To accurately assess growth later, I recommend taking these broad baseline measurements now:
- number of current clients
- revenue (average and standard deviation)
- revenue change % year over year
- client longevity (length of stay with the firm)
- frequency of client interactions
- frequency of transactions (purchases)
- number of clients lost per month, quarter, or year
- number of new clients per month, quarter, or year
PLANNING AND GOALS
Then it's wise to plan for the right types of outcomes from online interaction. Some very specific sample objectives (besides the obvious $ in the door) might be:
- Increase retweets and mentions (by anyone) related to [practice topic] from [baseline #] to [goal #] by [date]
- Obtain [#] retweets and mentions by target personas including peers and thought leaders in the specialty (i.e., Get on their radar. Knowing exactly who they are in advance is best.) by [date]
- Receive at least [#] unsolicited invitations from trade organizations to speak or write by [date]
- Earn [#] appearances as media “expert” in [publication or station] by [date]
- Receive [#] questions or requests for advice from [define personas] every [frequency]
- Build up to [#] of [define persona] Twitter (or blog) followers (or subscribers) by [date]
- Move [# define persona, or specific names] from digital to personal conversations by [date]

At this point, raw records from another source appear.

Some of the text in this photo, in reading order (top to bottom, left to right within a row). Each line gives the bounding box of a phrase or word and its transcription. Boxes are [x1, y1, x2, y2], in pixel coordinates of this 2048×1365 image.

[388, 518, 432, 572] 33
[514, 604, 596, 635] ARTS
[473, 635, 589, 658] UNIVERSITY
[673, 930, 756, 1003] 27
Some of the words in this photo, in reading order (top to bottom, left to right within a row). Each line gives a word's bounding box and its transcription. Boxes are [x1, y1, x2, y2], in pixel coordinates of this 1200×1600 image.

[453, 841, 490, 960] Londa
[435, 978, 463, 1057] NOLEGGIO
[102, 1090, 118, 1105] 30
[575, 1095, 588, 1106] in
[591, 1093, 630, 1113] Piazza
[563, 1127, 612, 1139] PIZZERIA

These are very attainable goals with social marketing. Having goals like this (rather than just "tweet often") might help reshape how you or your colleagues are using social-media tools.

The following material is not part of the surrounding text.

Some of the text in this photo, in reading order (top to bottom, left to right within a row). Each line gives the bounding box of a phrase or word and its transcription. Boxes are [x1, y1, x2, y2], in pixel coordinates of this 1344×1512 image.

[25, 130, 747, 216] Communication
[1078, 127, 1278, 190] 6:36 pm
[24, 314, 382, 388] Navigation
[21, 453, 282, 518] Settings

TRACKING WORTHWHILE THINGS
I also think it's important to track the right things. Just # of followers or visits or likes or RTs is pretty useless. I like the marketing department (or individual) to keep track of mentions:
- Where did it appear?
- Who said it?
- Was it positive? Y/N
- What was said? Categorize the nature of the comment and keep a clip file.
- Was the mention about a particular practice, department, or person?
- Did the mention include reference to your content or website? If so, to what specific content or page?
- Who responded and how fast? You may want to keep the response in a clip file, too.
Ultimately, we're looking for an increase in mentions that are positive and made by increasingly influential people in the right spaces.
Sound like a lot of work? Maybe. No one ever said marketing was easy! Also, what do you want from a basically free marketing channel?
You don't have to do any of these things to be successful...you might luck out.
But if you're not having success, or if you really want to ensure it, you've got to be able to recognize it when it happens. Like I said, social marketing success can be very subtle, but never confuse that subtlety with lack of importance to you and your organization. It's similar to—and deeply tied to—the level of subtlety and importance as your brand. And it merits the same level of forethought and attention.
These days, our brands are often defined by our most recent interactions.